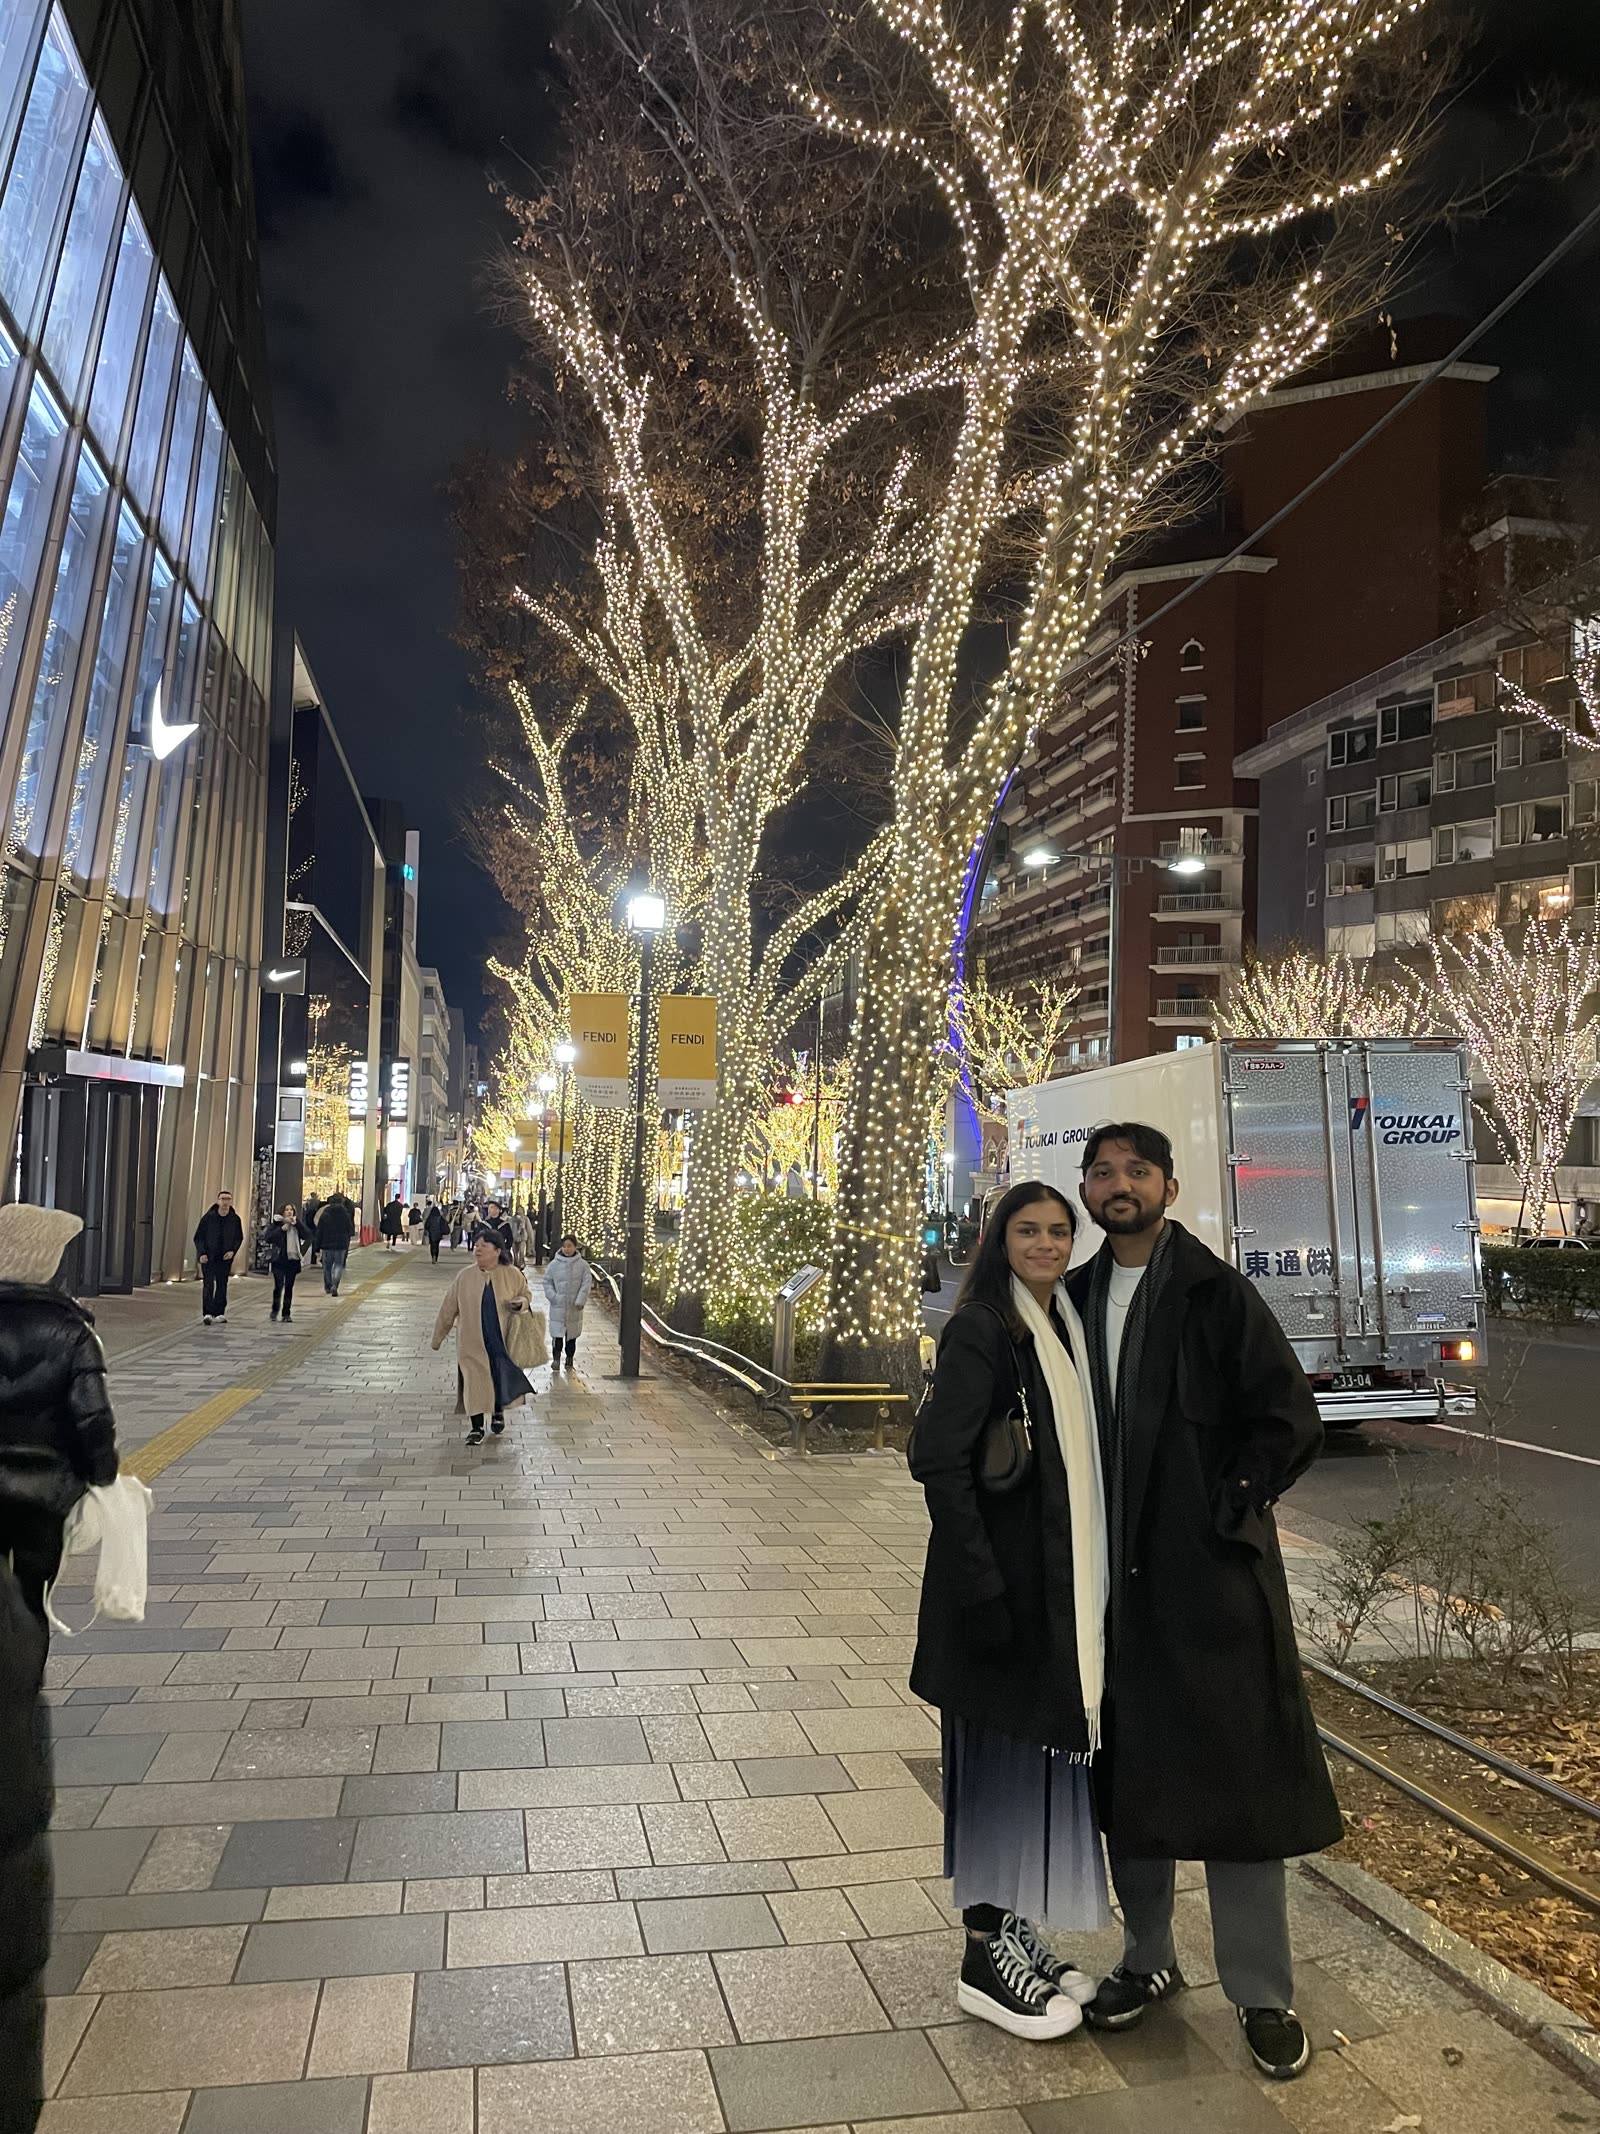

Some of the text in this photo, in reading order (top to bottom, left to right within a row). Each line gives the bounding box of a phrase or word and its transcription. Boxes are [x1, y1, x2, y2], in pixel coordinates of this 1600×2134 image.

[583, 1032, 616, 1043] FENDI
[671, 1033, 705, 1045] FENDI
[390, 1062, 409, 1117] LUSH
[1025, 1131, 1058, 1149] TOUKAI
[1383, 1130, 1461, 1145] GROUP
[1339, 1373, 1372, 1387] 33-04
+++
> [The task]: Keep the pictures out of the copy and return the rest of the data above exactly.

> [Answer for the task]:
Some of the text in this photo, in reading order (top to bottom, left to right within a row). Each line gives the bounding box of a phrase or word and its transcription. Boxes are [x1, y1, x2, y2], in pixel coordinates of this 1600×2134 image.

[583, 1032, 616, 1043] FENDI
[671, 1033, 705, 1045] FENDI
[390, 1062, 409, 1117] LUSH
[1025, 1131, 1058, 1149] TOUKAI
[1383, 1130, 1461, 1145] GROUP
[1339, 1373, 1372, 1387] 33-04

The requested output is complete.